### Problem statement
Images excepted, the data below must be repeated exactly.
◇ ◇ ◇ ◇
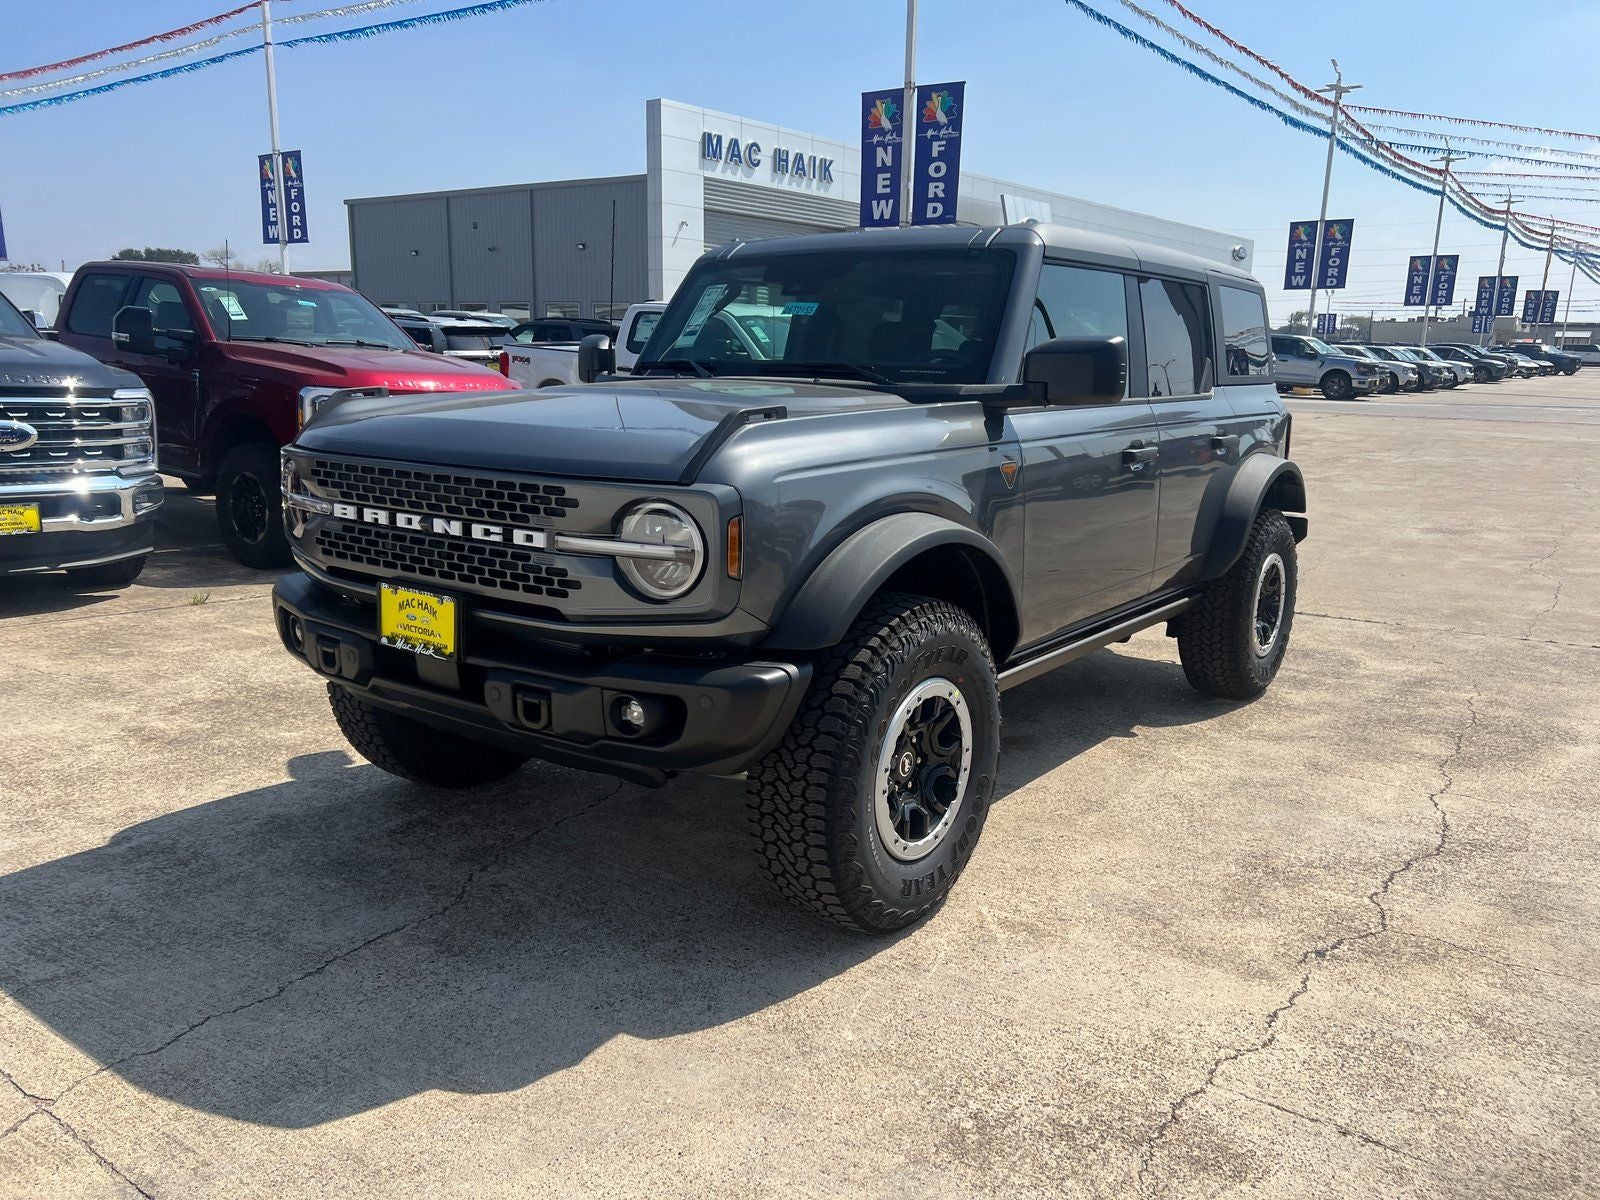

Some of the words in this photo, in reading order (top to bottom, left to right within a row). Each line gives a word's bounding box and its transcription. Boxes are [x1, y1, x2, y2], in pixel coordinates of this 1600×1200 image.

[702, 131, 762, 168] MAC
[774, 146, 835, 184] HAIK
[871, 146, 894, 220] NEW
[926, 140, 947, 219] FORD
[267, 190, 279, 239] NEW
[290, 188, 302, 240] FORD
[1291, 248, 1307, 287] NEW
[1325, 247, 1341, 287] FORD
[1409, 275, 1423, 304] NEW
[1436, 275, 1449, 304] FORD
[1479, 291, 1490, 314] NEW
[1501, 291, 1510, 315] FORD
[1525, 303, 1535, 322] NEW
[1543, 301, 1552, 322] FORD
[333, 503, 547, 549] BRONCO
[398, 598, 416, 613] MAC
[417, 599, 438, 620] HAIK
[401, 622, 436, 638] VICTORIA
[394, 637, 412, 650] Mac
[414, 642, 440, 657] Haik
◇ ◇ ◇ ◇
### Written answer
Some of the words in this photo, in reading order (top to bottom, left to right within a row). Each line gives a word's bounding box and its transcription. Boxes are [x1, y1, x2, y2], in pixel coordinates of this 1600×1200 image.

[702, 131, 762, 168] MAC
[774, 146, 835, 184] HAIK
[871, 146, 894, 220] NEW
[926, 140, 947, 219] FORD
[267, 190, 279, 239] NEW
[290, 188, 302, 240] FORD
[1291, 248, 1307, 287] NEW
[1325, 247, 1341, 287] FORD
[1409, 275, 1423, 304] NEW
[1436, 275, 1449, 304] FORD
[1479, 291, 1490, 314] NEW
[1501, 291, 1510, 315] FORD
[1525, 303, 1535, 322] NEW
[1543, 301, 1552, 322] FORD
[333, 503, 547, 549] BRONCO
[398, 598, 416, 613] MAC
[417, 599, 438, 620] HAIK
[401, 622, 436, 638] VICTORIA
[394, 637, 412, 650] Mac
[414, 642, 440, 657] Haik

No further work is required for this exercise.